- Directions for this task
Nothing but the exact text of the entries should appear in your answer; pictures stay out.

Images for object localization
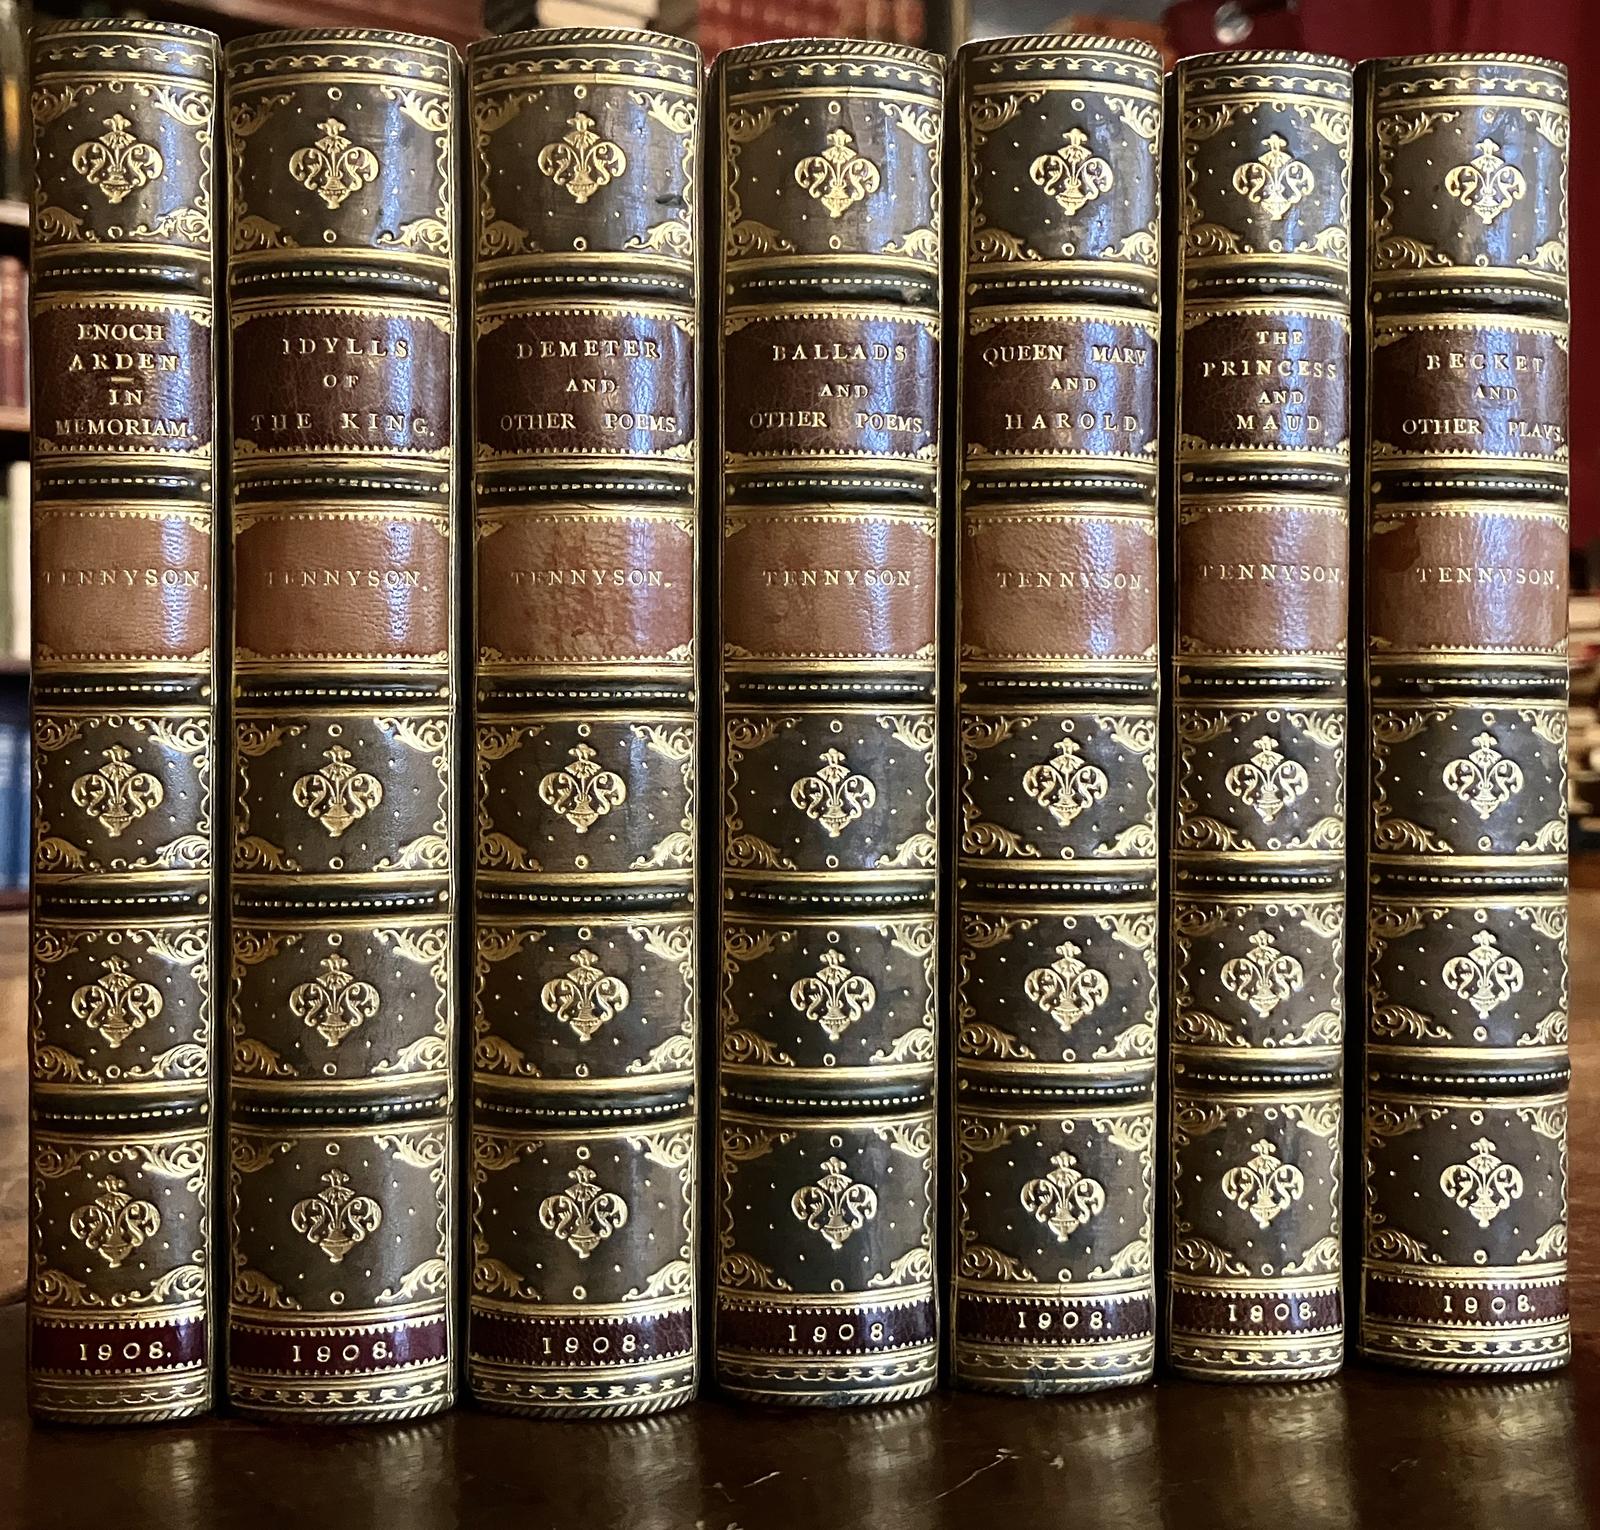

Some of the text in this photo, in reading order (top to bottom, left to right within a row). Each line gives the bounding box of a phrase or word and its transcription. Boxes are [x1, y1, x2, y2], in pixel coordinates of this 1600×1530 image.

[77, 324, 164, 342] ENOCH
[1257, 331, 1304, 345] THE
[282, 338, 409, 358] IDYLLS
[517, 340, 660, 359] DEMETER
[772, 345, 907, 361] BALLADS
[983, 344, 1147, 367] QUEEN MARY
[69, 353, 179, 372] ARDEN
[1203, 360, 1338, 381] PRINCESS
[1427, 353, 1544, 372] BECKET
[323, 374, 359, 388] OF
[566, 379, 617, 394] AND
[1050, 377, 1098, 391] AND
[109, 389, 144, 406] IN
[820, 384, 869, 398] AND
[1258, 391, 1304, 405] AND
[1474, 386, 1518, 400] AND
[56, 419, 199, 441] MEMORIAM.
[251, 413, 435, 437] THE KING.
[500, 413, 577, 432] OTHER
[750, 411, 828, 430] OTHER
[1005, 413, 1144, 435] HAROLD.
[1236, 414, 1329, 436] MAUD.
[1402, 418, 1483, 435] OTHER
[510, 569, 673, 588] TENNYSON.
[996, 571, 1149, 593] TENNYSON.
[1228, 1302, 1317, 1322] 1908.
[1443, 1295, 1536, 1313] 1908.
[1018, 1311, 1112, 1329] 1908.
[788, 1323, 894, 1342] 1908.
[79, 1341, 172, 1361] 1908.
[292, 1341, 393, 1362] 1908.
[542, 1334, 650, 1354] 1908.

- Written solution
Some of the text in this photo, in reading order (top to bottom, left to right within a row). Each line gives the bounding box of a phrase or word and its transcription. Boxes are [x1, y1, x2, y2], in pixel coordinates of this 1600×1530 image.

[77, 324, 164, 342] ENOCH
[1257, 331, 1304, 345] THE
[282, 338, 409, 358] IDYLLS
[517, 340, 660, 359] DEMETER
[772, 345, 907, 361] BALLADS
[983, 344, 1147, 367] QUEEN MARY
[69, 353, 179, 372] ARDEN
[1203, 360, 1338, 381] PRINCESS
[1427, 353, 1544, 372] BECKET
[323, 374, 359, 388] OF
[566, 379, 617, 394] AND
[1050, 377, 1098, 391] AND
[109, 389, 144, 406] IN
[820, 384, 869, 398] AND
[1258, 391, 1304, 405] AND
[1474, 386, 1518, 400] AND
[56, 419, 199, 441] MEMORIAM.
[251, 413, 435, 437] THE KING.
[500, 413, 577, 432] OTHER
[750, 411, 828, 430] OTHER
[1005, 413, 1144, 435] HAROLD.
[1236, 414, 1329, 436] MAUD.
[1402, 418, 1483, 435] OTHER
[510, 569, 673, 588] TENNYSON.
[996, 571, 1149, 593] TENNYSON.
[1228, 1302, 1317, 1322] 1908.
[1443, 1295, 1536, 1313] 1908.
[1018, 1311, 1112, 1329] 1908.
[788, 1323, 894, 1342] 1908.
[79, 1341, 172, 1361] 1908.
[292, 1341, 393, 1362] 1908.
[542, 1334, 650, 1354] 1908.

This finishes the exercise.